I would actually agree with the following part... IF that would have been taking place the past few months. Why wait til now?

New Jersey’s nearly 600 school districts will not be able to simply chose to go all-remote, the source said. Instead, the districts will need to show the state Department of Education the reasons why they can’t offer in-person classes at the start of the 2020-2021 school year and what they are doing to solve those problems.


“Districts are expected to continue to work with the DOE towards getting to the point where they can provide an in-person experience.
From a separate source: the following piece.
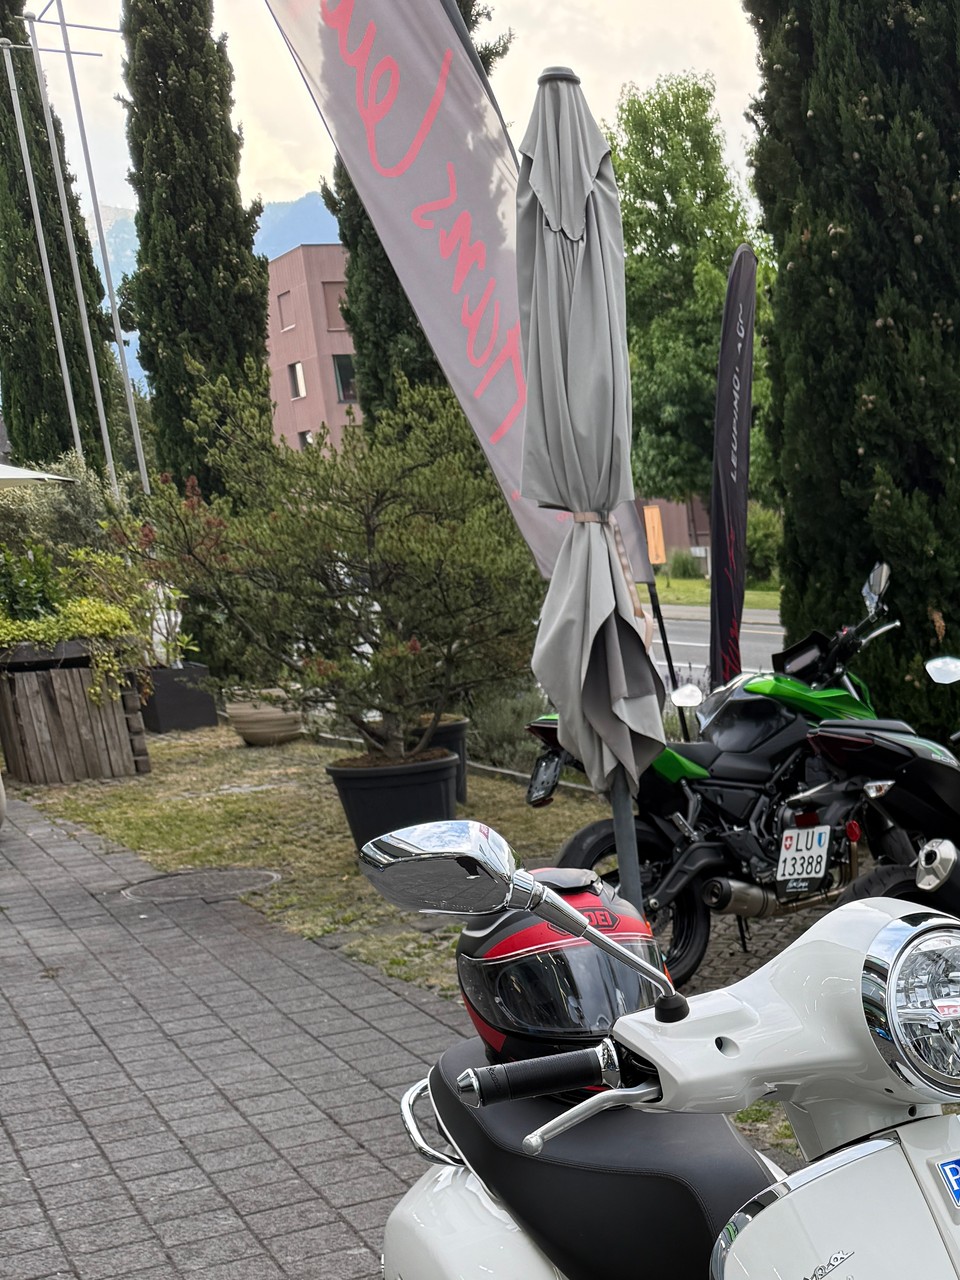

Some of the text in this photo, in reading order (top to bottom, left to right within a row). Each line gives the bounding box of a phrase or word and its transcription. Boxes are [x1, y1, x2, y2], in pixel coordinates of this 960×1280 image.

Districts are expected to have to tell the department what hurdles to providing in-person education they are facing and a date they are working towards resolving those hurdles,” the source said. “The goal is still to have as much in-person learning as possible in the state.”
 

21stamps

Well-Known Member
This is so ridiculous. There is no consistency in this area about what plans are being adopted. The commissioner of education hasn’t shown his face in weeks. It’s crazy.
it has been crazy- constantly changing plans almost at a whim. No communication until last minute, it has made this far more difficult than it needed to be

These governors are clearly failing. Why not just set what standards are recommended or required, and let each district carry it out?
 

Patcheslee

Well-Known Member
These governors are clearly failing. Why not just set what standards are recommended or required, and let each district carry it out?
We don’t have governor direction, not even who is considered a close contact, or tracing compared to other districts we were notified of this change the first day of school. At a minimum you would expect the close contact, symptomatic, ect. would all have the same requirements in the state. As of now students can return after 24 hours without a fever if no other symptoms are present. It doesn't automatically require a COVID-19 test or even a doctor visit unless they have considered the student a close contact with a confirmed case.
 

aw14

Well-Known Member
When do you start? More importantly, when can you vote him out?

I’m all for schools going back, but your governor’s ping pong play is not making it easy on school staff or parents right now.
Correct- he’s a disaster & has handled this (school
Issues) horribly. We delayed our start a bit to do some teacher training. We’re likely going to default to the county, and see what they say. If they decide to provide guidance, which is a big gift. Further- parents are signing up kids for virtual by the truck load right now. So Murphy might be null and void regardless.